Naively, I believe that if $a$ and $b$ are linearly independent, then their exponentials can commute. I'm not sure how to prove this, however.
In the case of matrix groups, I believe the correct condition is that when $a$ and $b$ commute, then we have that $\exp(a) \exp(b) = \exp(b) \exp(a)$, since the matrices $a, b$ will behave just like real numbers. But this "feels wrong", since I am invoking the multiplicative structure of $a$ and $b$. But as elements of the lie algebra, all I have is the vector space structure!

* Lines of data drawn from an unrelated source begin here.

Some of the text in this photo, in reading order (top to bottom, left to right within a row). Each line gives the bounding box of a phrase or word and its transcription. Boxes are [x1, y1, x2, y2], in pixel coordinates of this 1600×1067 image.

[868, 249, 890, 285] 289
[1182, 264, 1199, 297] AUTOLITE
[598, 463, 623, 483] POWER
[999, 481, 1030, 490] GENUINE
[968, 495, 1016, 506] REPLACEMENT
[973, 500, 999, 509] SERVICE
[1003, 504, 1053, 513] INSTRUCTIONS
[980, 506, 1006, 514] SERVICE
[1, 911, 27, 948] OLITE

I suppose the way to correct this is to use the lie bracket structure, and state that if $[a, b] = 0$, then the exponentials commute? I am still looking for a proof, though. I know a "nuke proof" that invokes BCH. If $[X, Y] = 0$, then we can solve for $\exp(a) \exp(b) = exp(z)$, where:
$$ z = a + b + \frac{1}{2}[a, b] + \dots \text{expressions involving }[X, Y] \\ z = a + b + 0 = a + b $$
So this gives me $\exp(a) \exp(b) = \exp(a + b) = \exp(b + a) = \exp(b) \exp(a)$.
But this is way too much firepower to prove something that feels elementary; BCH is complicated. What is a simple proof of the above fact?